(INPUT MATERIAL Opens)
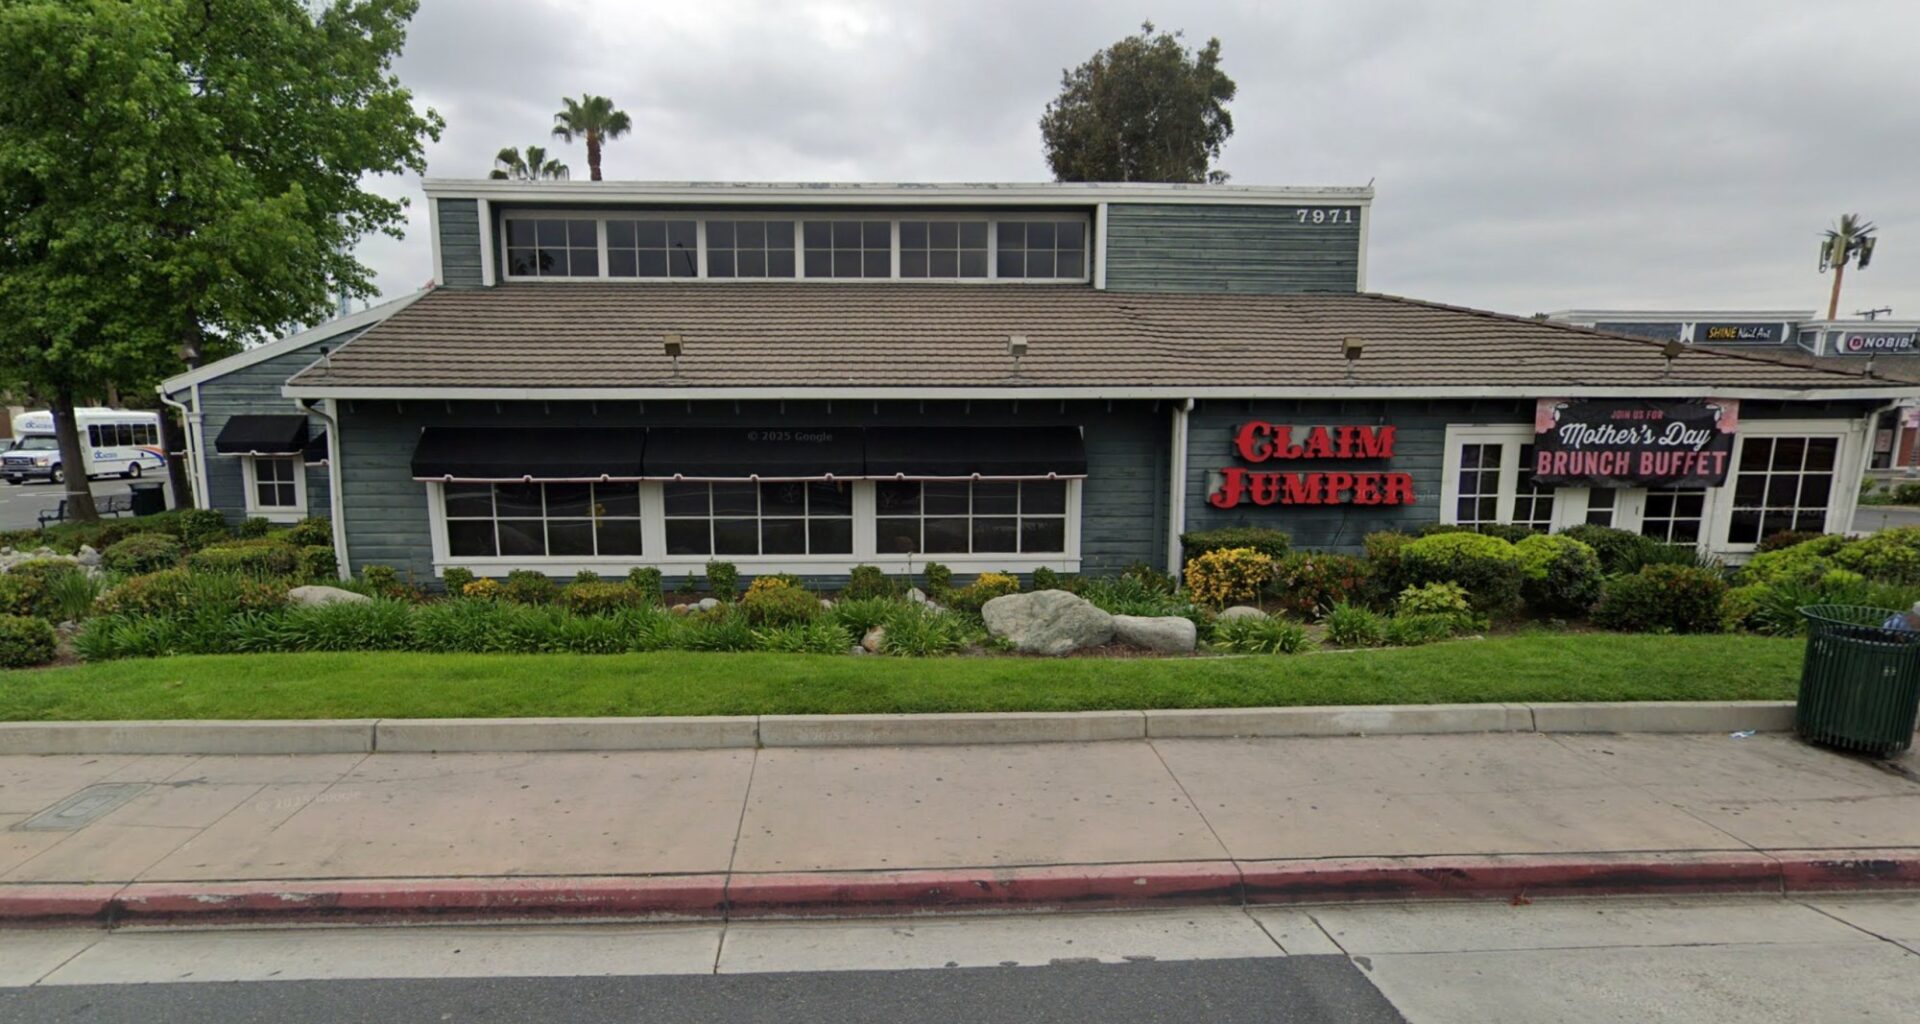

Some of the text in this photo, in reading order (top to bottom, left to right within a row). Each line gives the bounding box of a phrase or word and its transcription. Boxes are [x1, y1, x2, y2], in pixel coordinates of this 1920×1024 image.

[1296, 209, 1352, 223] 7971
[1708, 326, 1738, 338] SHINE
[1611, 409, 1664, 420] JOIN US FOR
[1234, 421, 1397, 462] CLAIM
[1559, 421, 1711, 451] Mother's Day
[1536, 451, 1727, 475] BRUNCH BUFFET
[1209, 467, 1416, 509] JUMPER
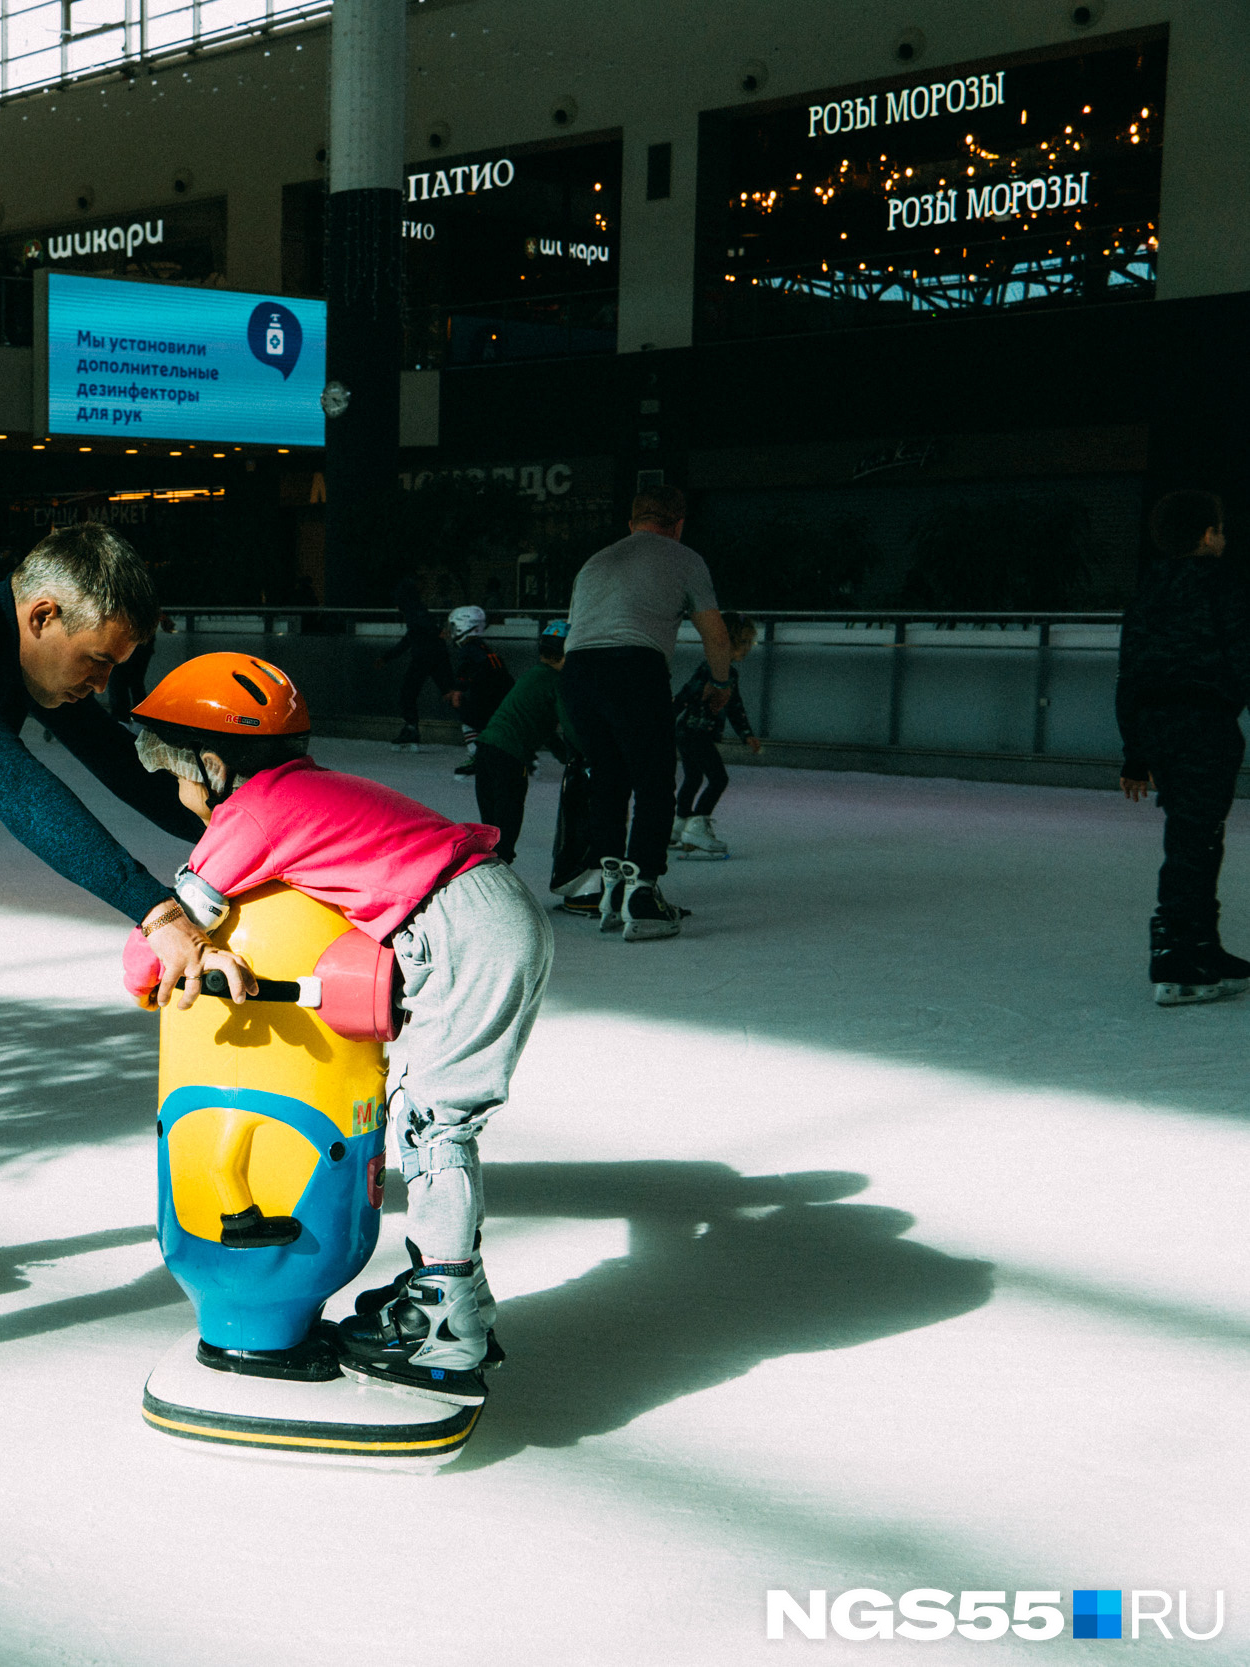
(INPUT MATERIAL Closes)
**ABOUT THIS EXERCISE**.
Output the records exactly, pictures excluded.

**TASK SOLUTION**.
Some of the text in this photo, in reading order (top to bottom, left to right within a row). Each line gives the bounding box of a phrase or word and its transcription. Boxes are [x1, y1, x2, y2], in pixel coordinates of this 1920×1024 image.

[1296, 209, 1352, 223] 7971
[1708, 326, 1738, 338] SHINE
[1611, 409, 1664, 420] JOIN US FOR
[1234, 421, 1397, 462] CLAIM
[1559, 421, 1711, 451] Mother's Day
[1536, 451, 1727, 475] BRUNCH BUFFET
[1209, 467, 1416, 509] JUMPER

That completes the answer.